SEVENTEEN

Glet called at 8:30 that Sunday morning. Rigg was sitting on his love seat with an open file box on his lap. In the four hours since he’d been rousted by the cage, he’d rearranged his wall of boxes so that the bottom ones were now on top, and he’d begun looking through notes he hadn’t gone over in some time. But the search for clues he’d missed would still be scattershot, because there was nothing else left for it to be.

‘Lehman is issuing a statement, no press conference, in thirty minutes,’ Glet said. ‘Two boys, both age ten, found a sealed, five-gallon drum along the beach two days ago. It was heavy, wrapped with waterproof duct tape. Thinking it was valuable, they snuck the drum into one of the kids’ garages and opened it last night after hockey practice. They freaked. The garage boy’s old man called the Chicago cops. They called us.’

‘Parts?’

‘All that were missing. McGarry brought in his three fancy doctors to sort of reassemble her. Five foot six, 150 pounds, mid-teens. Lehman thinks her face matches a photo of a missing girl.’

‘You’re working this?’

‘We got people on it.’

‘But not you?’

‘I’m working other angles, like I told you.’
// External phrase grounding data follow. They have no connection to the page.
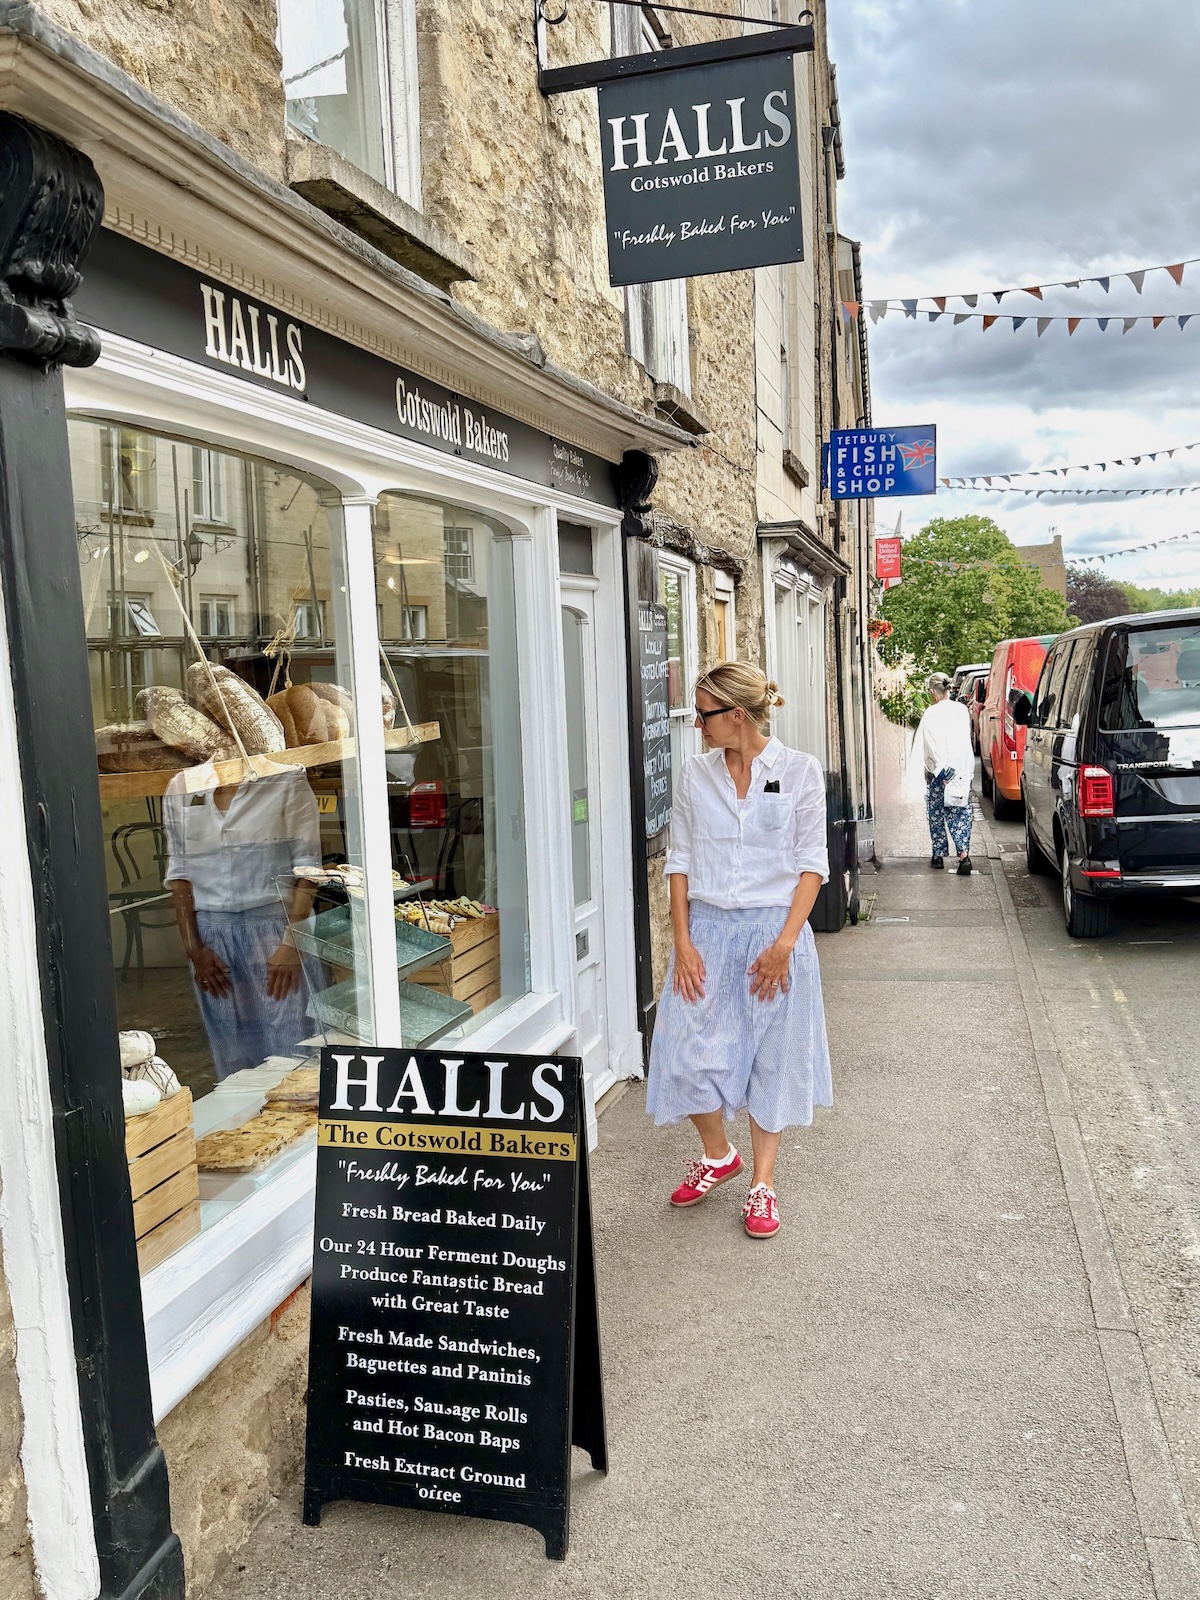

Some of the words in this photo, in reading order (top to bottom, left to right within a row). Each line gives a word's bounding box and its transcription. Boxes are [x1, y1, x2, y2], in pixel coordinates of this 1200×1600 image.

[608, 89, 792, 171] HALLS
[630, 166, 710, 192] Cotswold
[714, 161, 774, 181] Bakers
[614, 224, 677, 249] "Freshly
[680, 216, 726, 240] Baked
[730, 215, 757, 234] For
[761, 206, 796, 228] You"
[200, 282, 307, 392] HALLS
[395, 377, 461, 446] Cotswold
[464, 407, 510, 463] Bakers
[837, 433, 896, 446] TETBURY
[837, 445, 896, 464] FISH
[837, 467, 846, 478] &
[853, 463, 896, 477] CHIP
[837, 478, 896, 494] SHOP
[1116, 761, 1183, 770] TRANSPORT
[330, 1054, 564, 1122] HALLS
[325, 1123, 368, 1145] The
[375, 1127, 482, 1151] Cotswold
[489, 1133, 570, 1157] Bakers
[339, 1160, 410, 1190] "Freshly
[415, 1165, 468, 1186] Baked
[474, 1170, 505, 1191] For
[511, 1172, 550, 1192] You"
[342, 1203, 387, 1219] Fresh
[392, 1206, 441, 1223] Bread
[446, 1210, 496, 1227] Baked
[502, 1214, 546, 1236] Daily
[320, 1238, 352, 1253] Our
[357, 1240, 375, 1255] 24
[380, 1242, 423, 1258] Hour
[428, 1245, 498, 1265] Ferment
[503, 1252, 565, 1274] Doughs
[340, 1264, 407, 1283] Produce
[412, 1270, 488, 1290] Fantastic
[493, 1277, 543, 1295] Bread
[371, 1293, 406, 1309] with
[412, 1296, 458, 1314] Great
[463, 1301, 509, 1318] Taste
[338, 1326, 383, 1344] Fresh
[388, 1331, 433, 1348] Made
[439, 1336, 540, 1363] Sandwiches,
[347, 1353, 426, 1374] Baguettes
[432, 1364, 462, 1378] and
[467, 1365, 531, 1385] Paninis
[346, 1390, 408, 1413] Pasties,
[485, 1405, 527, 1423] Rolls
[353, 1419, 383, 1432] and
[388, 1420, 419, 1437] Hot
[424, 1424, 474, 1443] Bacon
[480, 1431, 520, 1453] Baps
[345, 1452, 390, 1470] Fresh
[395, 1458, 455, 1479] Extract
[460, 1467, 525, 1488] Ground
[415, 1482, 462, 1503] offee
‘Remember when I told you it was McGarry who was along for the Fernandez bust?’

‘So?’ Glet asked.

‘You said McGarry was a keeper, or the keeper. What did you mean?’
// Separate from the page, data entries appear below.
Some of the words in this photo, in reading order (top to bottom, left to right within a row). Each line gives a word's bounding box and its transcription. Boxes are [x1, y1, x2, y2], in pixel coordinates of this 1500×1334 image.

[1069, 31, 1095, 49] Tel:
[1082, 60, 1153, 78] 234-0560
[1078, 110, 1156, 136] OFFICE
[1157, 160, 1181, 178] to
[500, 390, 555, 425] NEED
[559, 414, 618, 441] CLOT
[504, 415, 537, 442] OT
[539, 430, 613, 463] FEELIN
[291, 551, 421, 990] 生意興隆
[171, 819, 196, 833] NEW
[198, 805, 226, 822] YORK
‘Nothing I can remember,’ Glet said, and hung up.

The beige receptionist at the Dead House shook her head. ‘No press right now.’

‘Call Corky.’

Cornelius,’ she corrected, not moving a finger toward her phone, ‘but Mr Feldott is busy.’

‘Call him anyway.’

‘No,’ she said.

‘I’ll wait for Corky,’ he said, motioning to the row of plastic chairs against one wall.

‘This isn’t a bus station,’ she said.

He sat on one of the chairs and smiled back at her glare.

Forty minutes later, two men emerged from the hall that led back to the morgue. One man was trembling, supported under one elbow by the second man. Corky Feldott followed close behind. He wasn’t sporting his perpetual grin that morning; the look on his face was stricken. Even his narrow necktie that day was black, funereal. With the barest of frowns at Rigg, he put his hand on the trembling man’s shoulder and then the two visitors walked out on to the sidewalk.

Feldott nodded to Rigg and motioned him over. ‘Poor people,’ Feldott said. ‘They’ve been sitting on a ransom card that never got followed by a money demand for a month, hoping their girl was alive.’

‘Card?’ Rigg asked, trying to sound casual.

‘Not for publication, but it wasn’t even a letter, just a little yellow thing,’ Feldott said.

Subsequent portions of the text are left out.